START EXERCISE MATERIALS

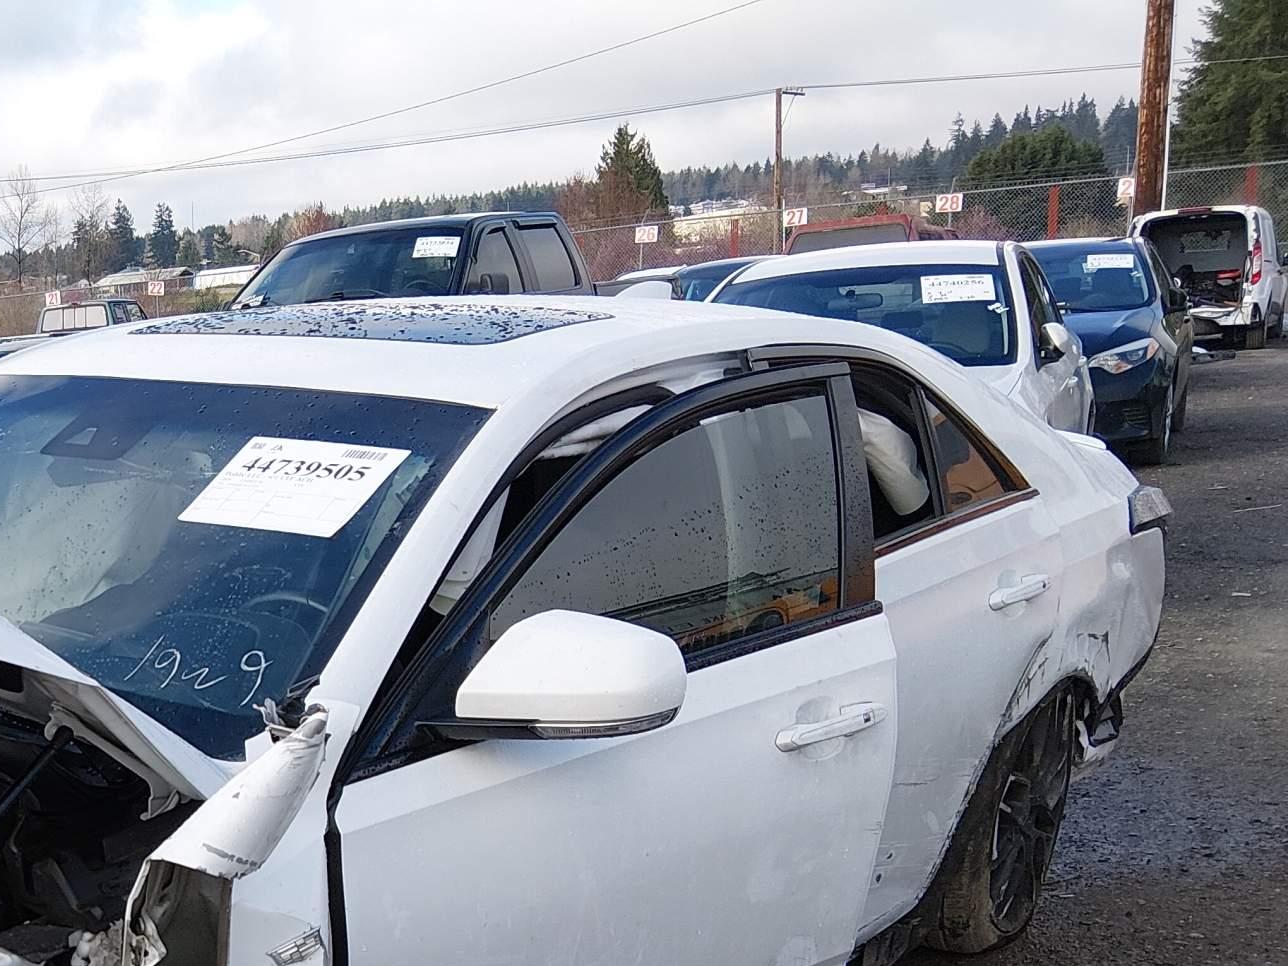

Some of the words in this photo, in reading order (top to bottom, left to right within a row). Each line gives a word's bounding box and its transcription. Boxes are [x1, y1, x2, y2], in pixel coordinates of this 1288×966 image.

[938, 195, 960, 211] 28
[786, 211, 804, 225] 27
[637, 227, 656, 241] 26
[150, 282, 163, 294] 22
[48, 292, 59, 305] 21
[242, 457, 372, 481] 44739505
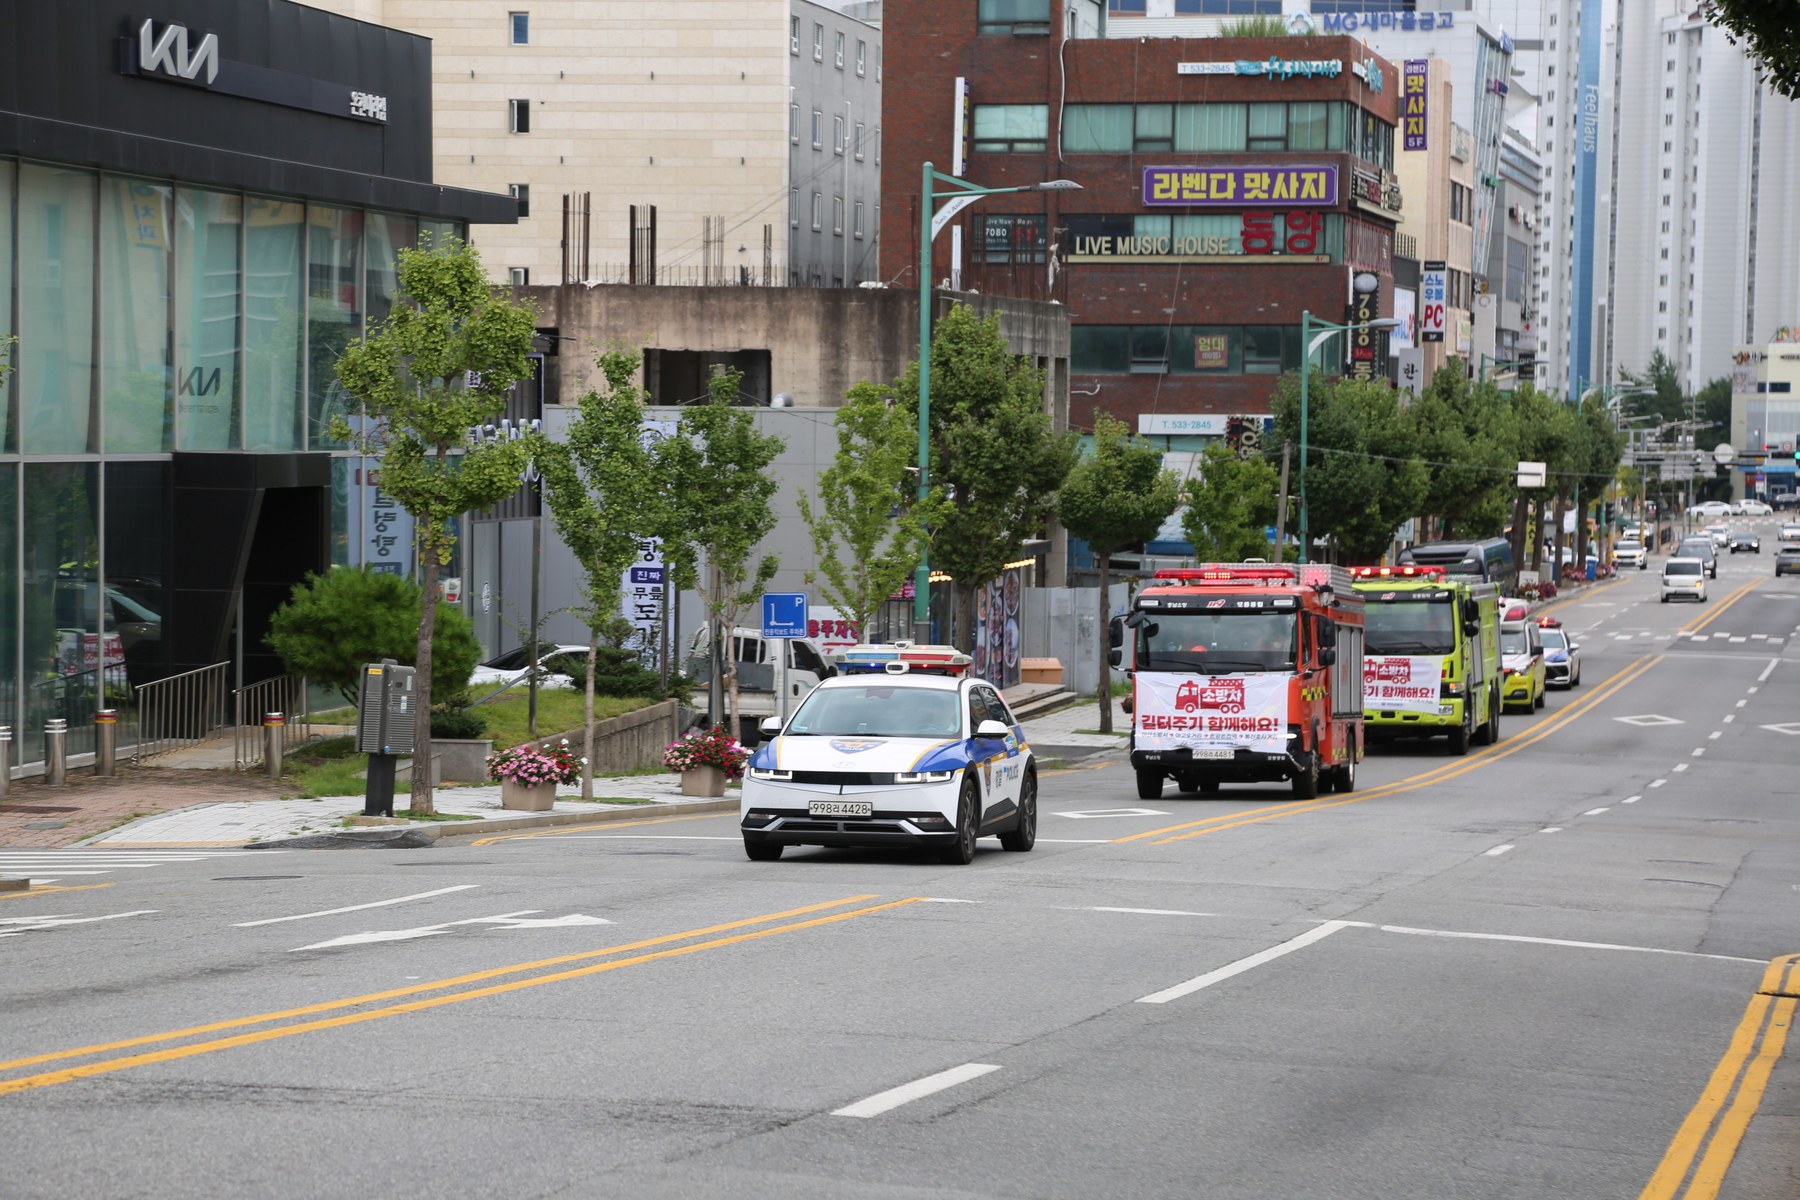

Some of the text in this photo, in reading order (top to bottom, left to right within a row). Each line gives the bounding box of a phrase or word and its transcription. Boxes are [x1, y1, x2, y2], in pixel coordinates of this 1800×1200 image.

[1190, 64, 1231, 73] 533-2845
[1406, 64, 1426, 74] 라벤다
[1407, 75, 1425, 135] 맛사지
[1583, 84, 1599, 154] Feelhaus
[1153, 172, 1237, 200] 라벤다
[1243, 172, 1326, 200] 맛사지
[1240, 211, 1323, 255] 동양
[1075, 236, 1229, 256] LIVE MUSIC HOUSE
[1423, 304, 1444, 329] PC
[1198, 337, 1225, 352] 임대
[1171, 420, 1212, 430] 533-2845
[637, 570, 662, 581] 진짜
[633, 586, 664, 600] 무릎
[795, 597, 803, 607] P
[1379, 665, 1409, 676] 소방차
[1202, 688, 1242, 703] 소방차
[1382, 685, 1435, 699] 함께해요!
[1141, 714, 1279, 732] 길터주기 함께해요!
[841, 803, 868, 815] 4428

END EXERCISE MATERIALS

Repeat every entry exactly, but leave out the pictures.

Some of the words in this photo, in reading order (top to bottom, left to right within a row). Each line gives a word's bounding box and its transcription. Boxes are [x1, y1, x2, y2], in pixel coordinates of this 1288×966 image.

[938, 195, 960, 211] 28
[786, 211, 804, 225] 27
[637, 227, 656, 241] 26
[150, 282, 163, 294] 22
[48, 292, 59, 305] 21
[242, 457, 372, 481] 44739505

Some of the text in this photo, in reading order (top to bottom, left to right within a row). Each line gives the bounding box of a phrase or word and its transcription. Boxes are [x1, y1, x2, y2], in pixel coordinates of this 1800×1200 image.

[1190, 64, 1231, 73] 533-2845
[1406, 64, 1426, 74] 라벤다
[1407, 75, 1425, 135] 맛사지
[1583, 84, 1599, 154] Feelhaus
[1153, 172, 1237, 200] 라벤다
[1243, 172, 1326, 200] 맛사지
[1240, 211, 1323, 255] 동양
[1075, 236, 1229, 256] LIVE MUSIC HOUSE
[1423, 304, 1444, 329] PC
[1198, 337, 1225, 352] 임대
[1171, 420, 1212, 430] 533-2845
[637, 570, 662, 581] 진짜
[633, 586, 664, 600] 무릎
[795, 597, 803, 607] P
[1379, 665, 1409, 676] 소방차
[1202, 688, 1242, 703] 소방차
[1382, 685, 1435, 699] 함께해요!
[1141, 714, 1279, 732] 길터주기 함께해요!
[841, 803, 868, 815] 4428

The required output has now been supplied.